I would like to add my welcome.

You are already through surgery and halfway through radiation, that's quite a feat. Give yourself a pat on the back!

Radiation is tough but it helps to wipe out the cancer cells that might be floating around. Have you spoken to your medical team about the pain and the difficulty you are having with swallowing? They might prescribe pain medication and the magic mouthwash for you. These will help with the mouth sores and with eating. Radiation also makes one tired, so give yourself time to rest.

Do you have access to a therapist at your hospital? It will help if you can talk to someone there about feeling a bit discouraged.

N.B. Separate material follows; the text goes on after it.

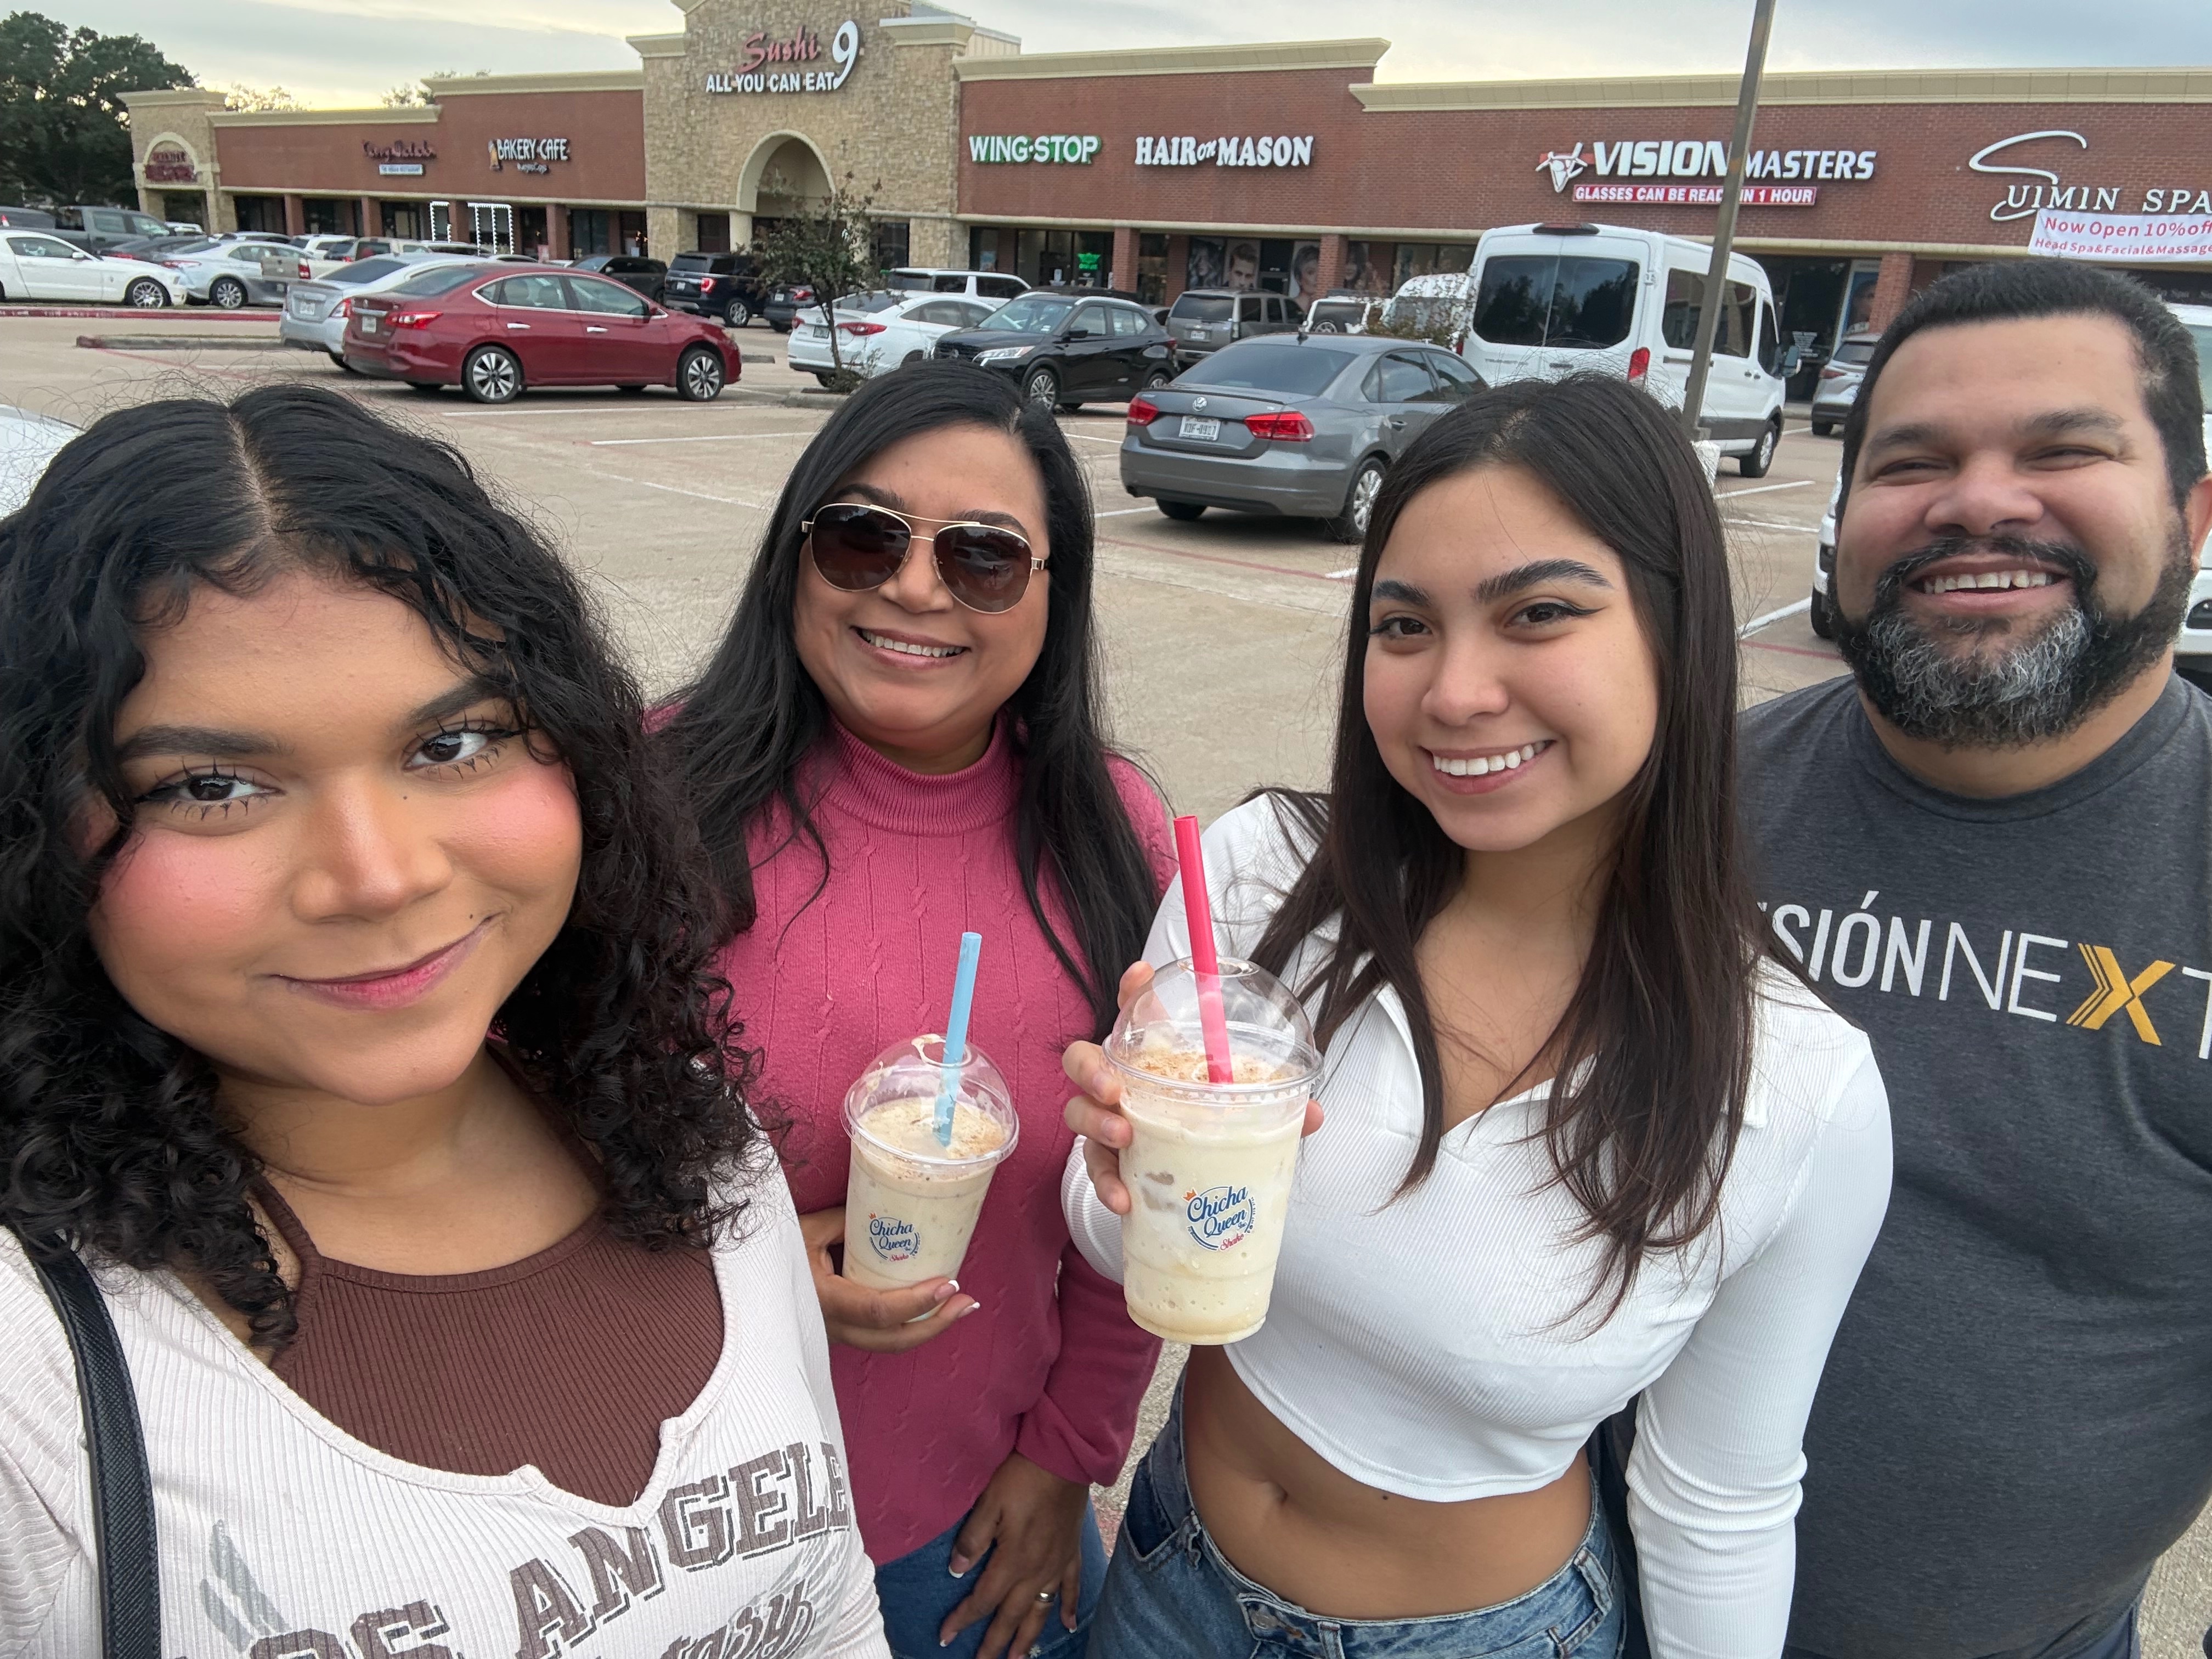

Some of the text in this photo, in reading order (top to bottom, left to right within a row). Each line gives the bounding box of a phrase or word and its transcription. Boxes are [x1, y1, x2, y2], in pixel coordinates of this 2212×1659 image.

We are all rooting for you. Focus on what you have already achieved.


Gloria
She stood in the storm, and when the wind did not blow her way, she adjusted her sails... Elizabeth Edwards

Wife to John,dx 10/2012, BOT, HPV+, T3N2MO, RAD 70 gy,Cisplatinx2 , PEG in Dec 6, 2012, dx dvt in both legs after second chemo session, Apr 03/13 NED, July 2013 met to lungs, Phase 1 immunotherapy trial Jan 18/14 to July/14. Taxol/carboplatin July/14. Esophagus re-opened Oct 14. PEG out April 8, 2015. Phase 2 trial of Selinexor April to July 2015. At peace Jan 15, 2016.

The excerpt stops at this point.